Presidential Column: Infants in Under-Staffed Nurseries: In Wealthy Societies

Close-up of a cute baby girl with blue eyes and an intelligent look

Introduction

In childcare settings, there are frequently struggles to balance affordable rates for parents, adequate salaries for providers, equitable resource allocation, and quality service implementation. Parents often face dilemmas balancing work responsibilities and personal goals with family responsibilities and sensitively meeting the needs of their children. With multiple financial and regulatory factors affecting provision of services, needs of young children may be compromised when management decisions are made. Kai von Klitzing provides a personal reflection that details historical factors in Germany that have resulted in inequities in staffing ratios in childcare settings. Similar challenges exist worldwide, with children caught in the middle. Barriers to accessing high quality care may pose difficult decisions with limited options for families. Providers may find themselves stretched thin when the number of children in their care is too high and insufficient resources are available. Babies and toddlers do not have a voice in these adult decisions, and their emotional needs may be overlooked when cost-cutting measures result in less-than adequate ratios. When systems do not prioritize children’s needs, long-lasting developmental consequences may ensue. How can we, as champions of young children, advocate for systems change that prioritizes children, facilitates relationship development, and provides sensitive caregiving by wrapping a network of support around families?

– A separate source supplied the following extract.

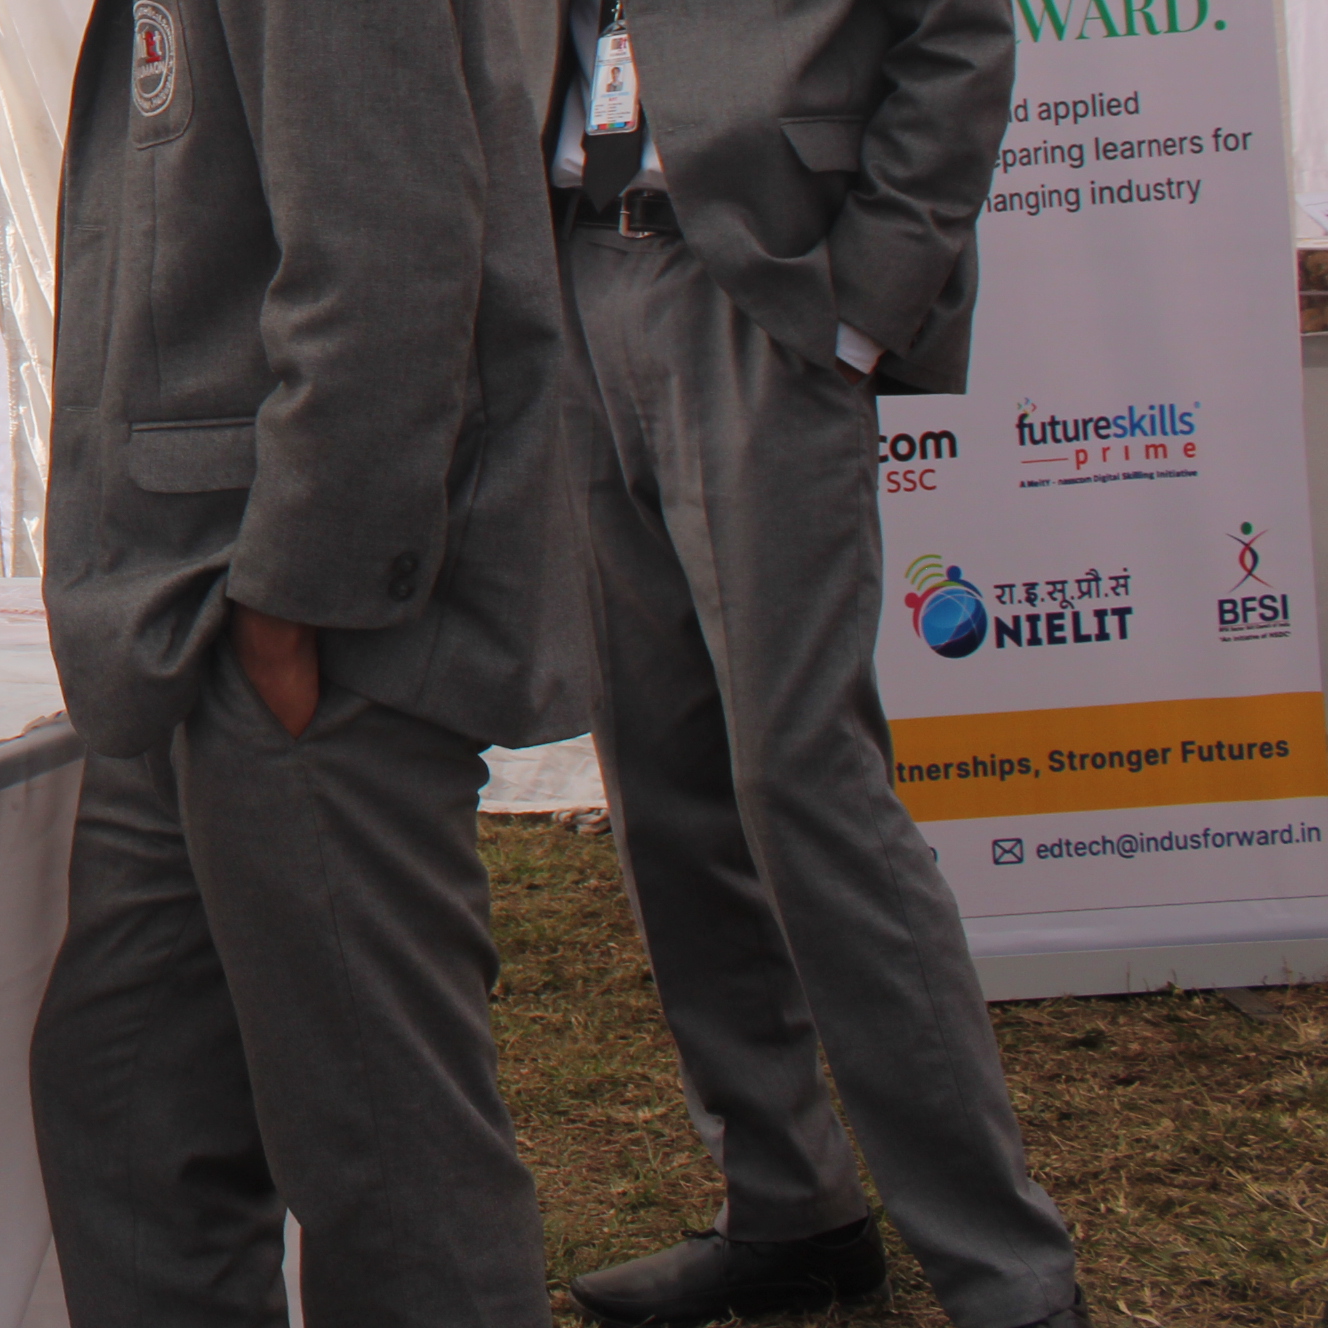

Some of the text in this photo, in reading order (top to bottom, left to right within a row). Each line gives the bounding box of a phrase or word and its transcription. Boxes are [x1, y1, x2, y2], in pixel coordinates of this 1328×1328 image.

Introduction by Jody Todd Manly, USA, Associate Editor

Kai von Klitzing, President of WAIMH
Kai von Klitzing, President of WAIMH

Recently, the German Bertelsmann Foundation published a study that investigated how many infants (aged 0–3) on average are looked after by one professional nursery teacher in German nurseries (Ländermonitoring Frühkindliche Bildungssysteme). This is a relevant topic for several reasons. The results show how much a wealthy western industrialized country invests in early childcare and whether there are regional differences between the Eastern (until 1990 German Democratic Republic/GDR) and Western (former Federal Republic of Germany/FRG) parts of our country. The two parts of Germany have quite different histories. In the former GDR infants mainly grew up in state nurseries and saw their working parents only in the evenings (in some nurseries they even stayed the whole week) and at the weekend. In contrast, in the FRG the ideal of early education was that children should stay with their mothers until age 3 and then enter preschool or kindergarten. These different concepts are still present in the minds of many parents today, although a certain convergence has taken place over the last 30 years. Socially and politically, the two parts of Germany have also developed differently. In the Western part there is greater prosperity compared to the Eastern part; there is more economic power, people earn more money and are wealthier. This causes many inhabitants of the Eastern part of the country to feel they have been short-changed or even neglected. There is still considerable migration from the East to the West, there is more xenophobia in the East, and the rightwing Populist Party is more successful there (latest polls 22%) compared to the West (12%). So I was curious about the Bertelsmann Foundation’s results: would the considerable social differences be reflected in the ways that infants are cared for in public nurseries?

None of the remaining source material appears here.